• **Data to examine**
==================================================

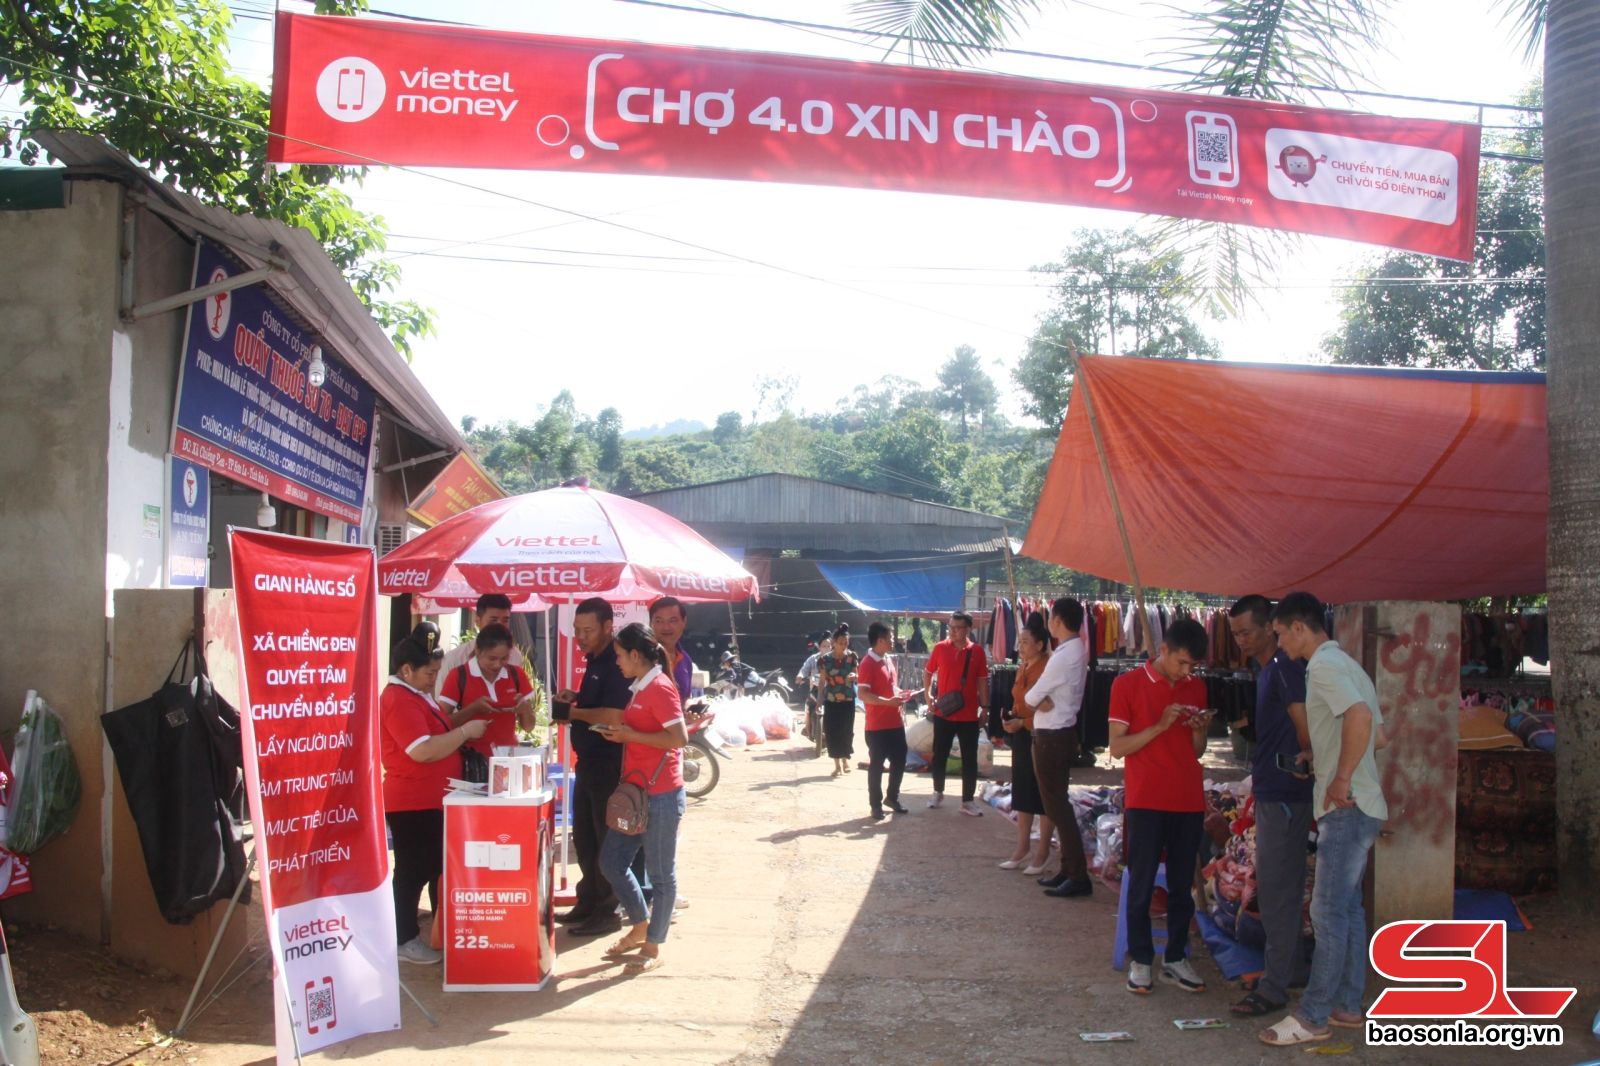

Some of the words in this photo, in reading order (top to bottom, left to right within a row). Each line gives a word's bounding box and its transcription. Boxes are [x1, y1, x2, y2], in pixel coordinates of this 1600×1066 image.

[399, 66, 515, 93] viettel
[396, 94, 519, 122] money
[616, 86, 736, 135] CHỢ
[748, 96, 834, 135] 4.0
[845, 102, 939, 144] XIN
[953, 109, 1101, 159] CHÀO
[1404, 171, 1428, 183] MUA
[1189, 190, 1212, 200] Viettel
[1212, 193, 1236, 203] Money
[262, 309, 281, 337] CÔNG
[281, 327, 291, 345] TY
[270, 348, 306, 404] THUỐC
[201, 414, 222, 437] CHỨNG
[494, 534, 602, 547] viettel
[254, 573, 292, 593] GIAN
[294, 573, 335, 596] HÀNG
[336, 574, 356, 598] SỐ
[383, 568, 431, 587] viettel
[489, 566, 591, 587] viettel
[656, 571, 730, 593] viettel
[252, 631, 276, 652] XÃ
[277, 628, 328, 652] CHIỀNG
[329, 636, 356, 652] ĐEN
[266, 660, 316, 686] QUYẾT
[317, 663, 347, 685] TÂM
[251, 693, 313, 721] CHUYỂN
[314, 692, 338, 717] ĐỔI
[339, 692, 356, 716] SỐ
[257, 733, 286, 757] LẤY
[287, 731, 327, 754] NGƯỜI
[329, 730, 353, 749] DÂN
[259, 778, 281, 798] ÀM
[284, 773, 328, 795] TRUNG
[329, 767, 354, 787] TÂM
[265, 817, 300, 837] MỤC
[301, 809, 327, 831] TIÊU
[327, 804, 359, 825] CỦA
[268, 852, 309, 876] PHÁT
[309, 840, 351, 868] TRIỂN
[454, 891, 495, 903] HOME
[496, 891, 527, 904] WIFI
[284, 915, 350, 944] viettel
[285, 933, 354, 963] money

==================================================

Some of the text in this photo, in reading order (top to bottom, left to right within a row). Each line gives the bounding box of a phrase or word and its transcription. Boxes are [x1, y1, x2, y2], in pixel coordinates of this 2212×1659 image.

==================================================

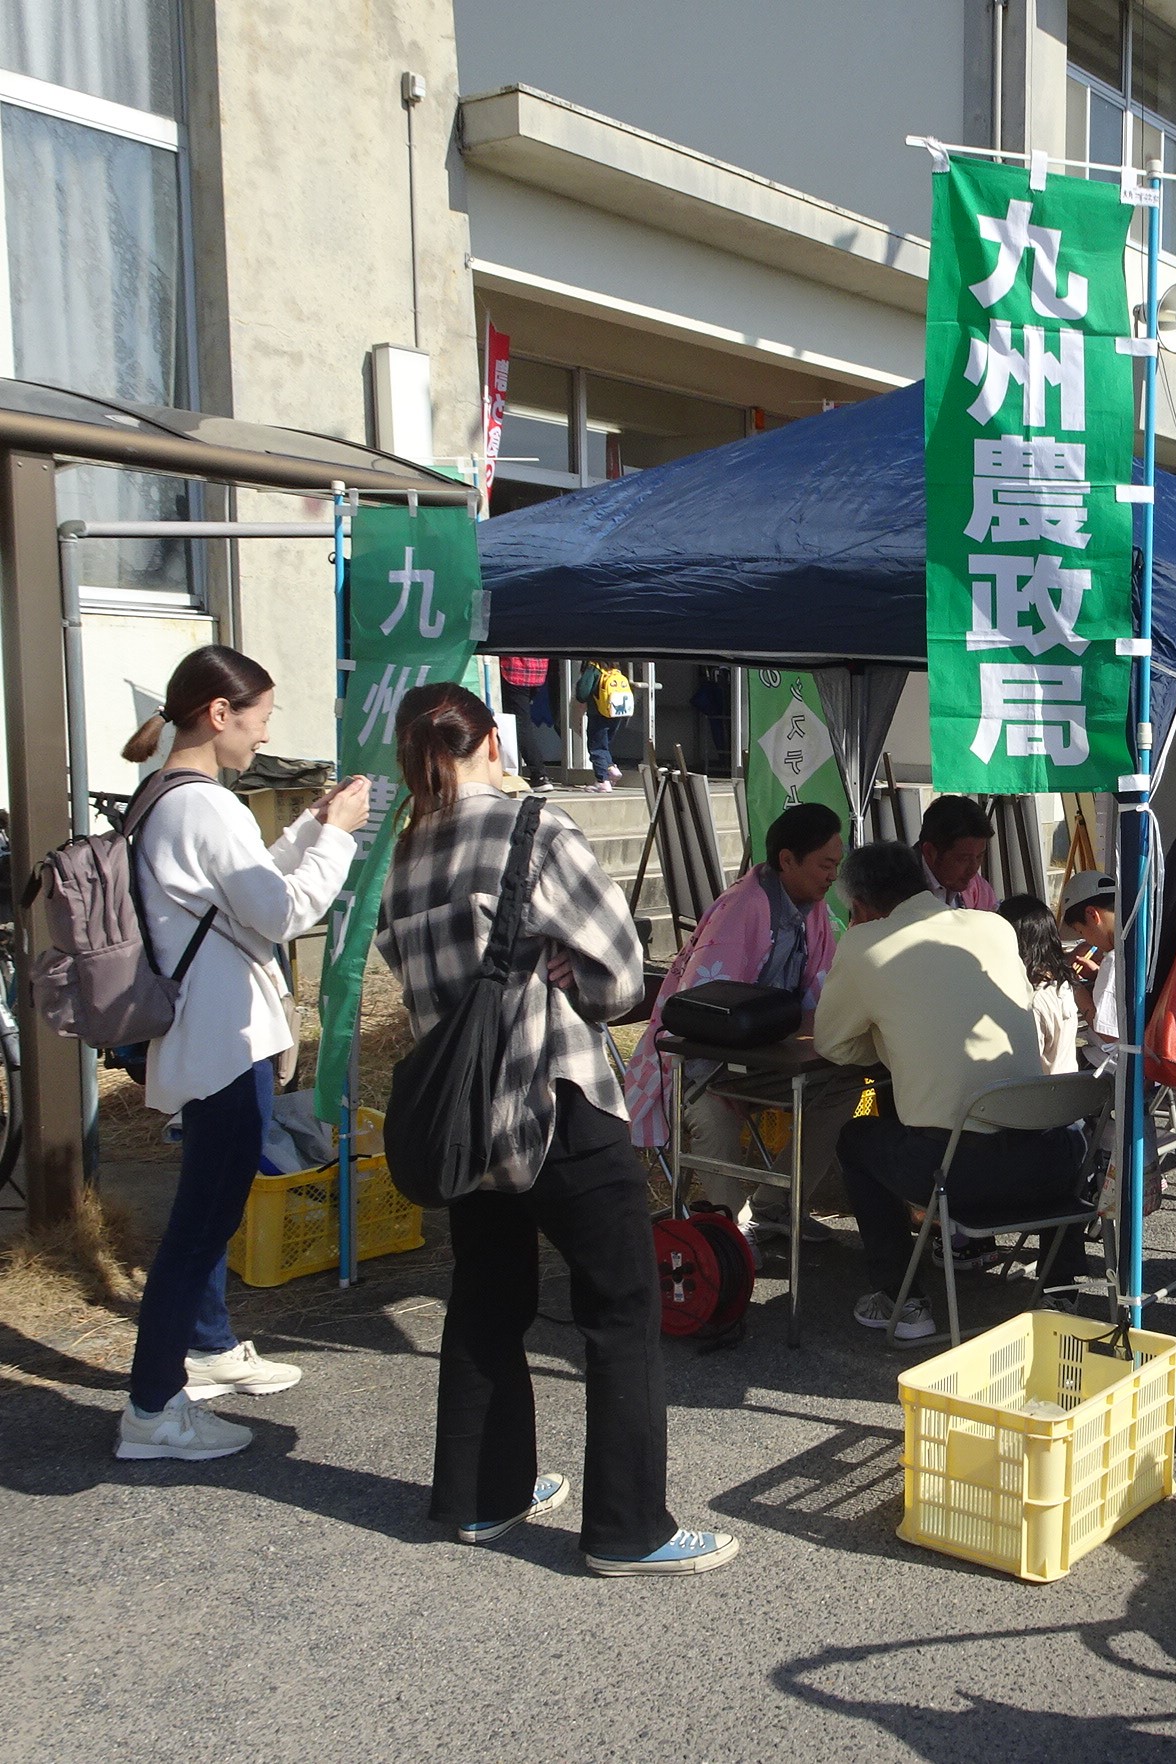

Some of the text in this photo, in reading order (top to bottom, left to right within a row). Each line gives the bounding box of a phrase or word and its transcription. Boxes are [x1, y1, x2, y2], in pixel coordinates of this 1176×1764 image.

==================================================

• **What to work on**
Wherever the string "phrase" is found in the entries, copy the line it sits in.

• **Expected answer**
Some of the text in this photo, in reading order (top to bottom, left to right within a row). Each line gives the bounding box of a phrase or word and its transcription. Boxes are [x1, y1, x2, y2], in pixel coordinates of this 2212×1659 image.
Some of the text in this photo, in reading order (top to bottom, left to right within a row). Each line gives the bounding box of a phrase or word and its transcription. Boxes are [x1, y1, x2, y2], in pixel coordinates of this 1176×1764 image.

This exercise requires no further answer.